A mulher que passa, a mudança das estações do ano, a crise econômica, as vozes daqueles que já não estão entre nós, a chuva repentina, os relacionamentos tóxicos, sonhos, perdas, vizinhos, amor, uma ou várias músicas, filhos, sustos que não passam – tudo é aroma da madeleine molhada no chá de tília. Momentos que dão colorido à vida. E que, de uma forma ou de outra, multiplicam-se no imaginário popular. Quem conta um conto, aumenta um ponto. Na vida não há desconto. Embora algumas situações estejam em permanente liquidação. Viver é perigoso.
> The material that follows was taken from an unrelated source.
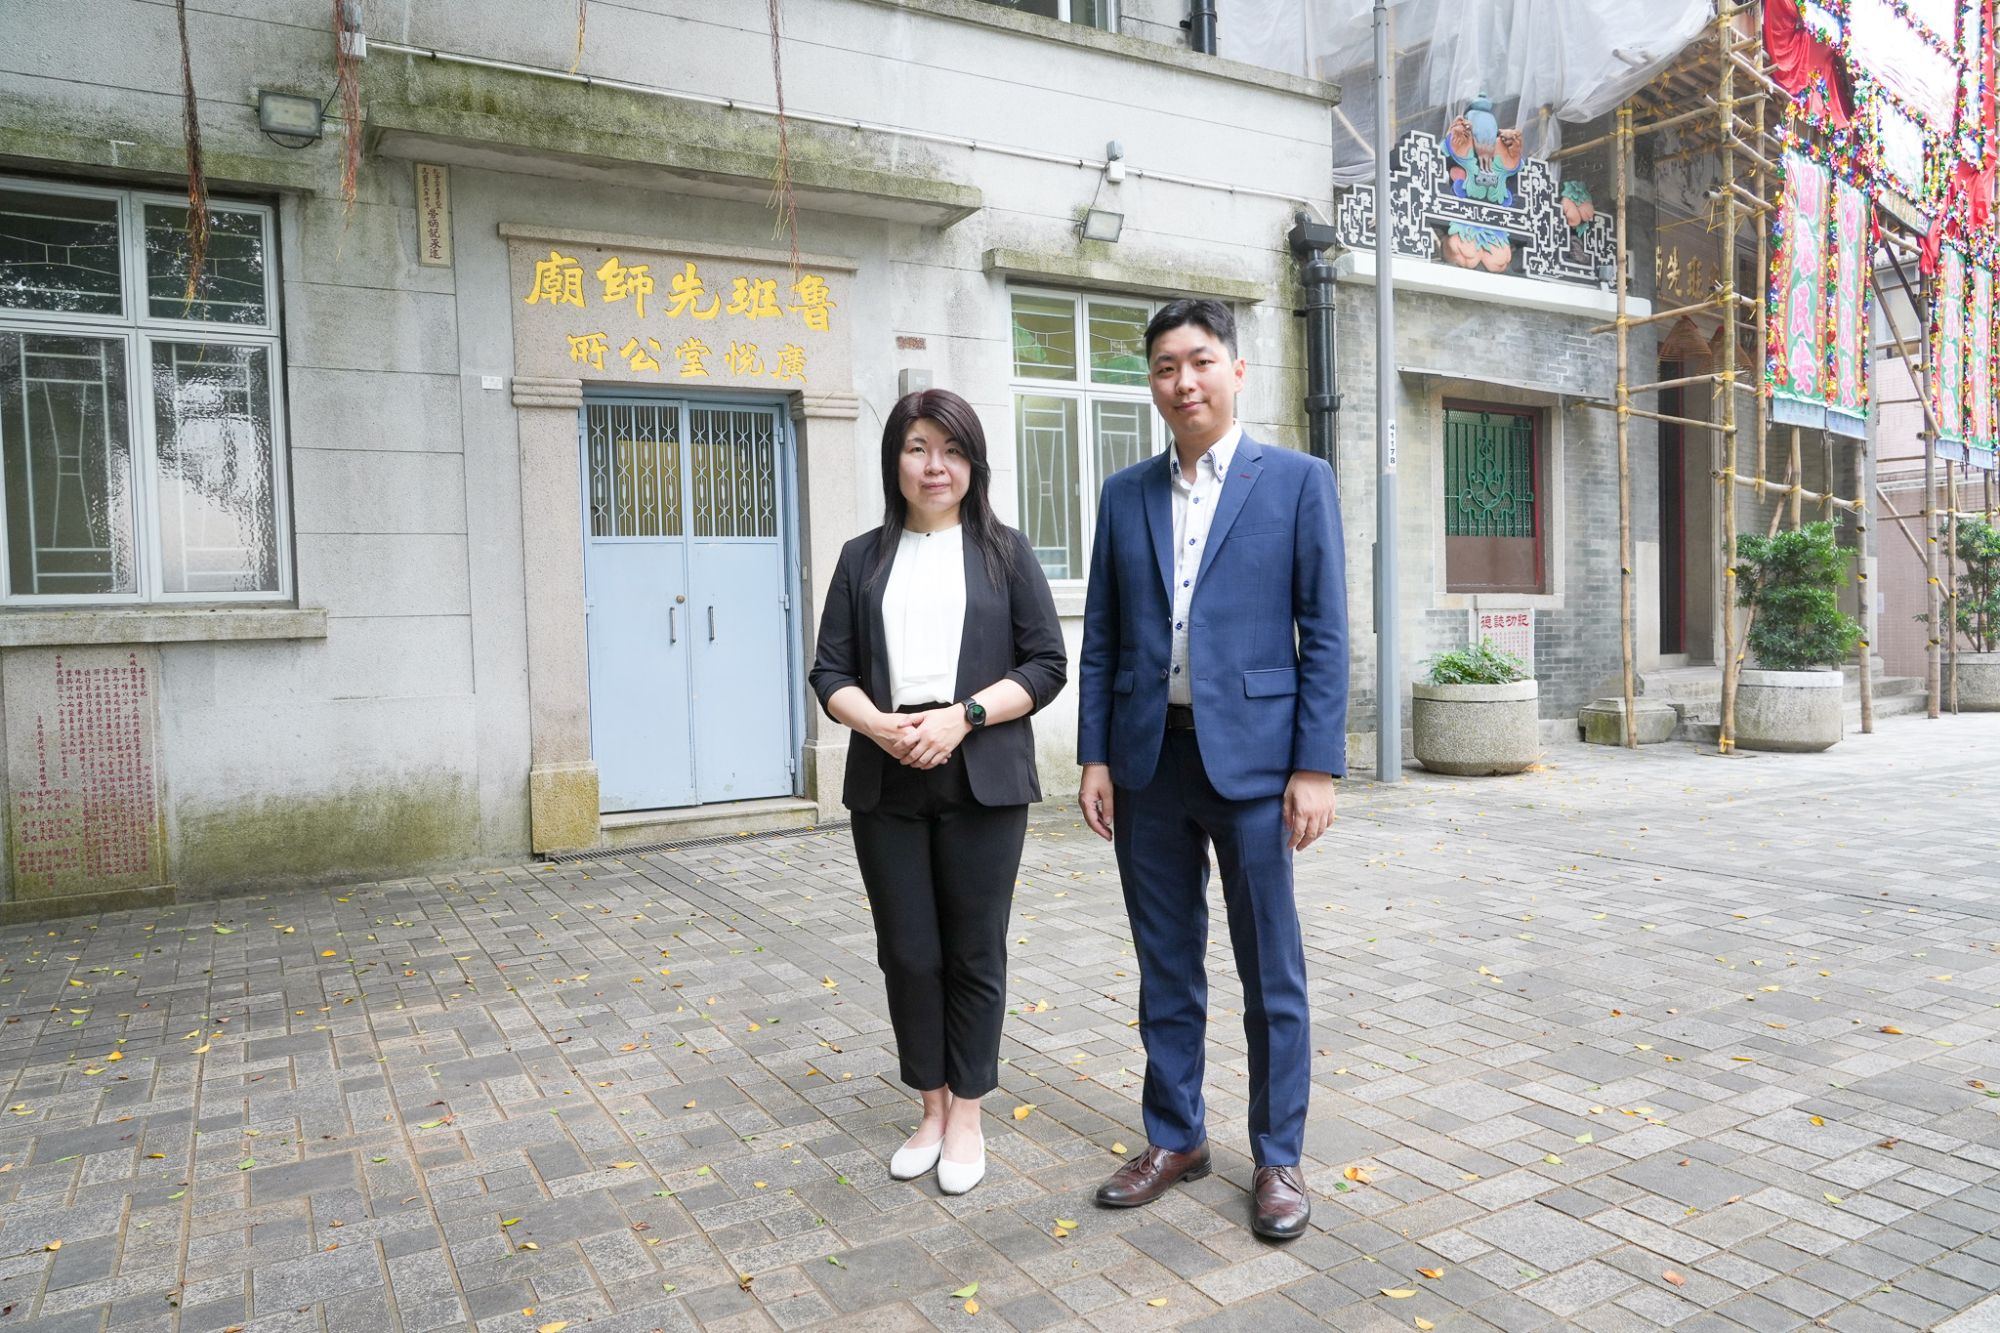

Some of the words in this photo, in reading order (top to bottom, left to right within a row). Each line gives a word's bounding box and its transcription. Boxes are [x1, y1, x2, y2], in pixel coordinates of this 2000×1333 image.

[524, 250, 837, 332] 魯班先師廟
[566, 331, 808, 383] 廣悅堂公所
Muito.

Ao cronista cabe transformar em texto as histórias que chegam ao seu (dele) conhecimento. Ou que ele inventou. Entre o que ouviu e/ou observou ou imaginou existem muitas dificuldades. Hiatos, lacunas, interstícios, entrelinhas, névoas. Na tentativa de resolver os impasses, usando e abusando das liberdades criativas, a solução mais fácil é misturar o que aconteceu com o que gostaria que tivesse acontecido. Funciona – às vezes. Curtos-circuitos fazem parte do show.
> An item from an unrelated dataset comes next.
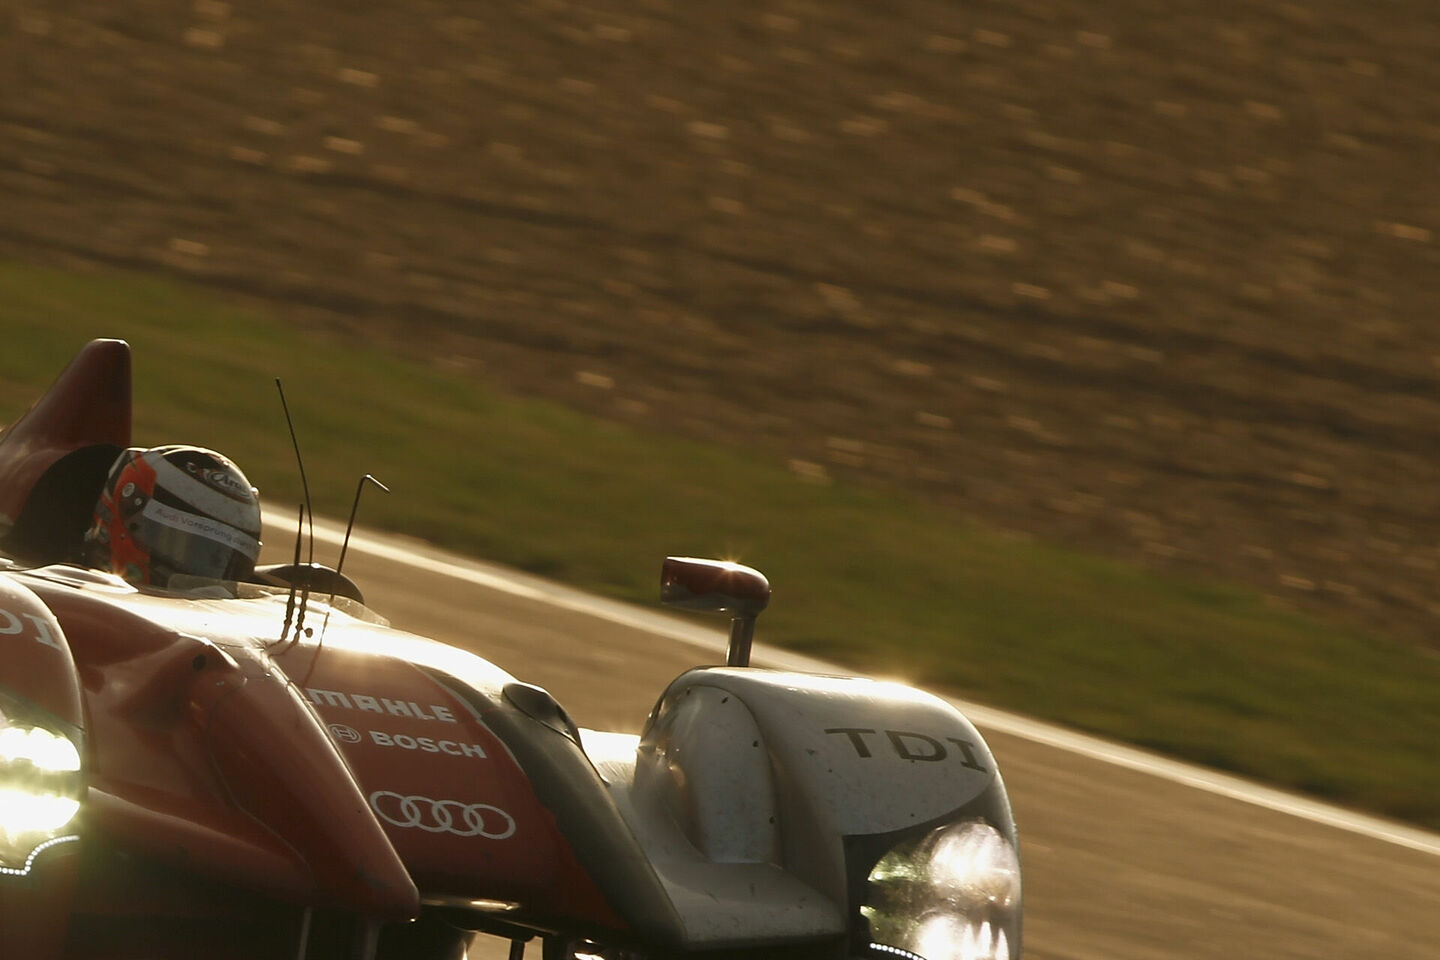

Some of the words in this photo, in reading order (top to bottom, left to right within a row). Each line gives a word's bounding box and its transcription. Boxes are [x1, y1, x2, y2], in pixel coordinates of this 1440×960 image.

O texto precisa ser fluído, capaz de atrair a atenção do leitor da primeira até a última linha. E deve usar uma linguagem acessível, sem expressões que possam causar problemas no entendimento. Cabe evitar palavras em língua estrangeira. Em nenhum momento é apropriado citar bolachas francesas, poemas e jagunços. O distinto público raramente consegue alcançar a extensão das referências literárias e cinematográficas. Melhor usar exemplos da novela televisiva ou do reality show da moda. São recursos que fazem mais sentido, embora (segundo reza a lenda) conduzam em direções contrárias ao esclarecimento.
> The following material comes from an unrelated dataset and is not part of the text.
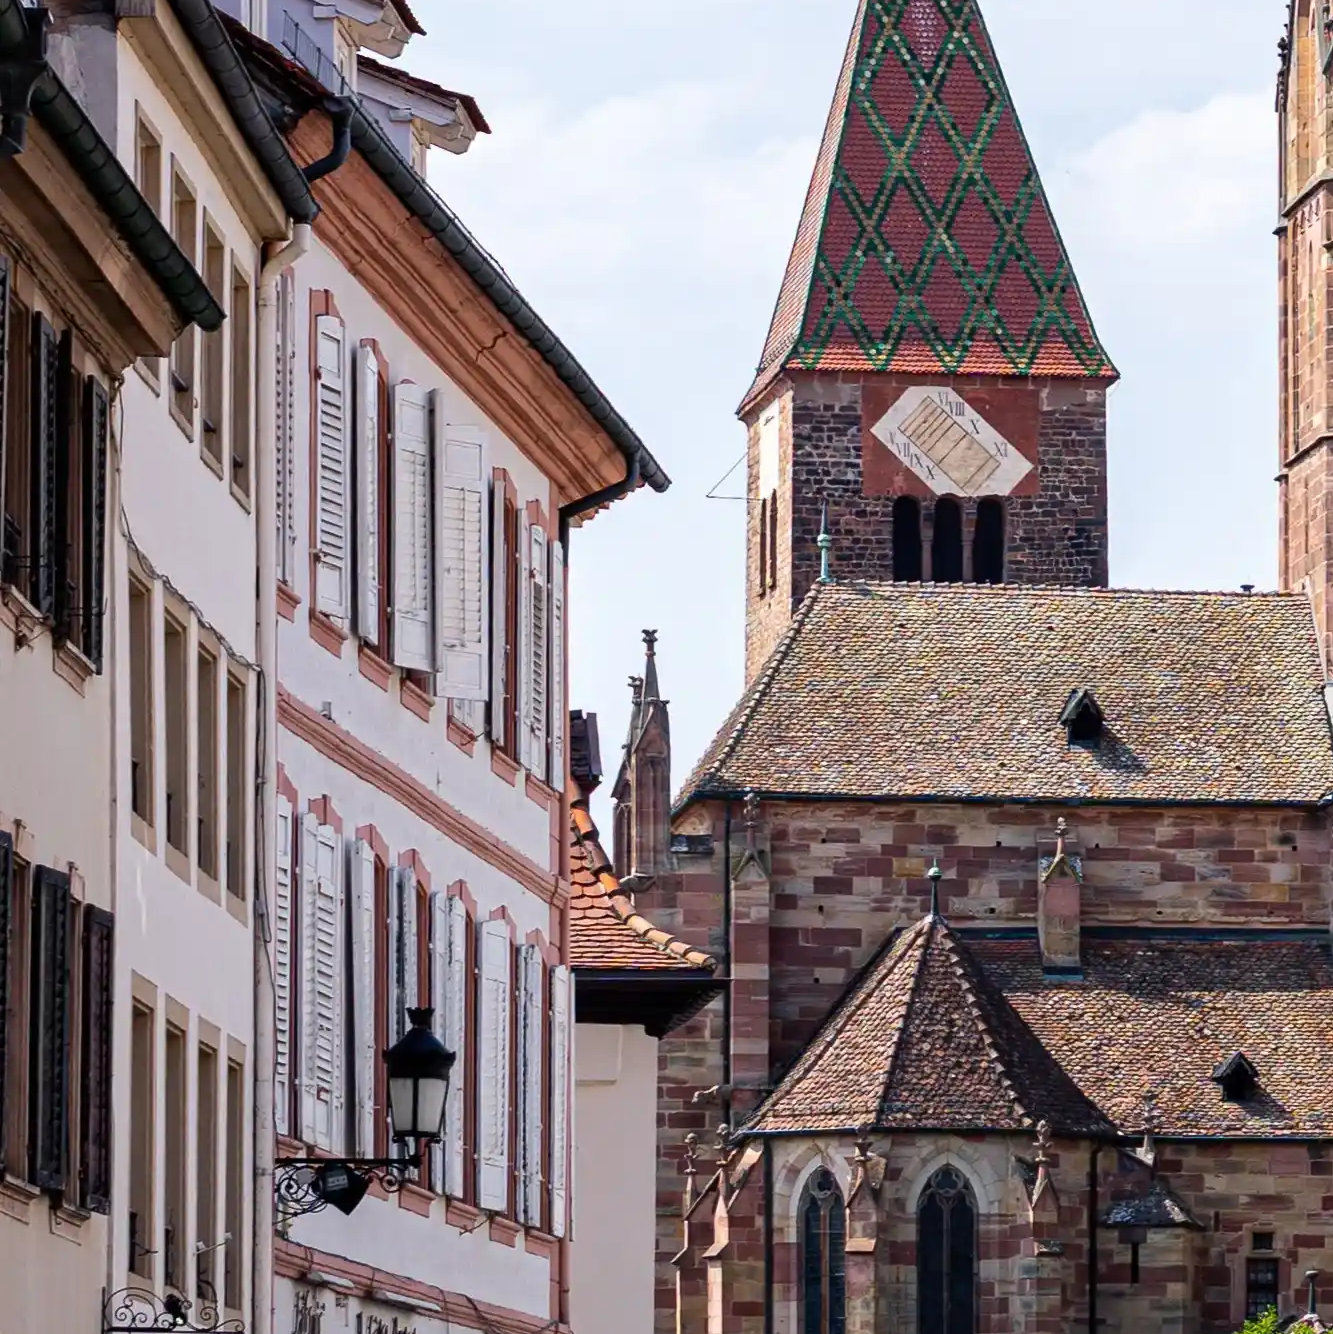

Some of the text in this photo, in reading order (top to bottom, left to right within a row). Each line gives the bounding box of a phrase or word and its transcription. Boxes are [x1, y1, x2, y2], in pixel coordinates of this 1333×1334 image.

[948, 401, 966, 417] VIII
[968, 418, 980, 435] X
[993, 441, 1008, 458] XI
[895, 442, 910, 458] VII
Outra coisa, a modernidade não tem fôlego para ler textão. Há quem acredite que mais de 500 palavras é aventura destinada aos maratonistas quenianos. Então, por livre e espontânea pressão, a síntese se faz necessária. E isso não é fácil de conseguir. Exige técnica e suor. Ninguém consegue escrever crônica com a mesma naturalidade com que respira. Frequentemente falta ar. Falta tubo de oxigênio. E o texto morre por asfixia. Ou por abandono. Sempre há algo mais interessante para ser visto e/ou lido nas redes sociais. O entretenimento é a chave do sucesso.

Dito isso e omitido aquilo, cabe perseguir o texto onde a palavra exata não seja exceção. Enquanto isso não acontece, e não sei se será possível algum dia, resta continuar tentando. Fracassar outra vez, fracassar melhor. Talvez esse seja o dístico (lema, slogan) adequado ao cronista. E ele que se contente com esse quinhão ou vá plantar batatas no asfalto com enxada de borracha.

A crônica de hoje embrulha o peixe de amanhã, diziam em outros tempos.